Raging against traumas unearthed from childhood and fresh antagonisms in her marriage, the silenced musician travels from denial to despair before concluding that her life without art has no meaning. Whether she carries out her threat to end it is left open to question.

The original production starred Kempinski’s then wife Frances de la Tour, whose incandescent performance helped to take the play from the minuscule Bush Theatre in west London to the West End, winning her the Olivier Award. The play was widely staged all over the world.
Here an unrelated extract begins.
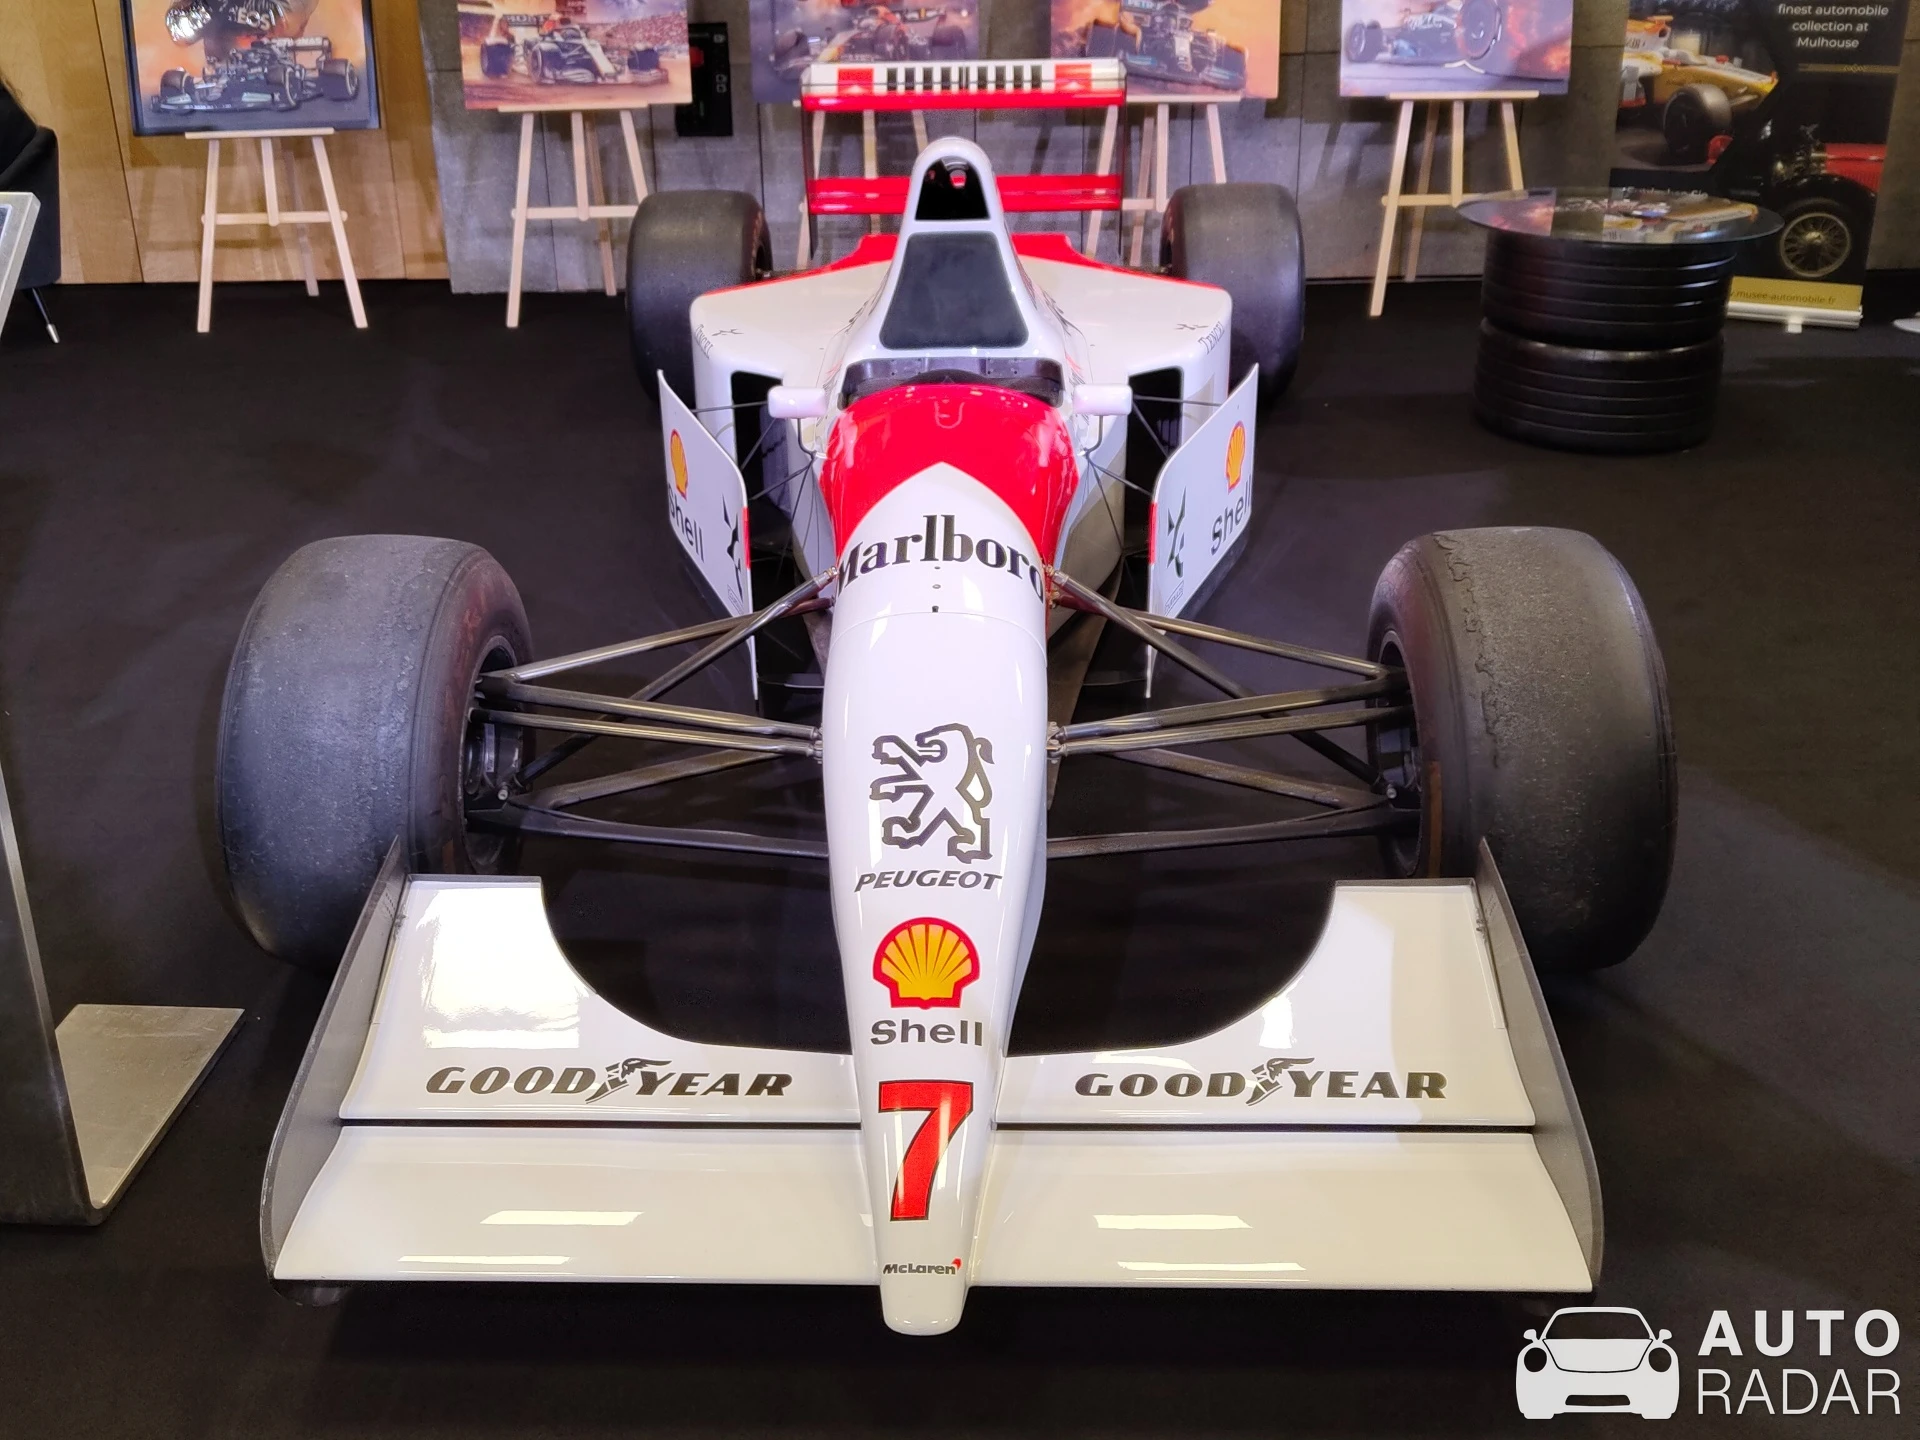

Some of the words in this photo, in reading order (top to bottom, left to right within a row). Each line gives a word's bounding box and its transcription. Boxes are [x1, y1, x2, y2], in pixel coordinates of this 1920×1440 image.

It was only later that Kempinski challenged an assumption that had been mapped on to the play from the beginning: that the character of Stephanie Abrahams was inspired by the story of Jacqueline du Pré, the cellist whose career was identically terminated by MS in the early 1970s.

Frances de la Tour and David de Keyser in the original West-End transfer of Duet for One at the Duke of York's Theatre in 1980
Frances de la Tour and David de Keyser in the original West-End transfer of Duet for One at the Duke of York's Theatre in 1980 - Laurence Burns/ArenaPAL

“It doesn’t relate to Jacqueline du Pré at all,” the playwright told Dominic Maxwell in 2017. “It’s purely coincidental.” Instead, he said, it became apparent to him over time that Duet for One was an exploration of his own travails. “Rage, ideas of sexual perversion, ideas of torturing people, ideas that I had to suppress. Or paralyse. And that’s the woman, paralysed in the play.”

Of the many international productions in over 40 countries, the first on Broadway was a failure: “We f---ed up a wonderful play,” the producer told Kempinski. Kempinski was no fan of the 1986 film starring Julie Andrews, either. Directed by Andrei Konchalovsky, it populated the screen with characters who are only mentioned in the play. While the money was greatly welcomed, the playwright compared its soapy dramatics to an episode of Dallas.

Thomas Kempinski was born March 24 1938 in London to Gerhard and Melanie (née Rahmer) Kempinski, who ran a restaurant in their own name in the same building as the Veeraswamy off Regent Street. They had arrived in 1936, having been obliged as Jews to surrender the establishment they had owned in Berlin.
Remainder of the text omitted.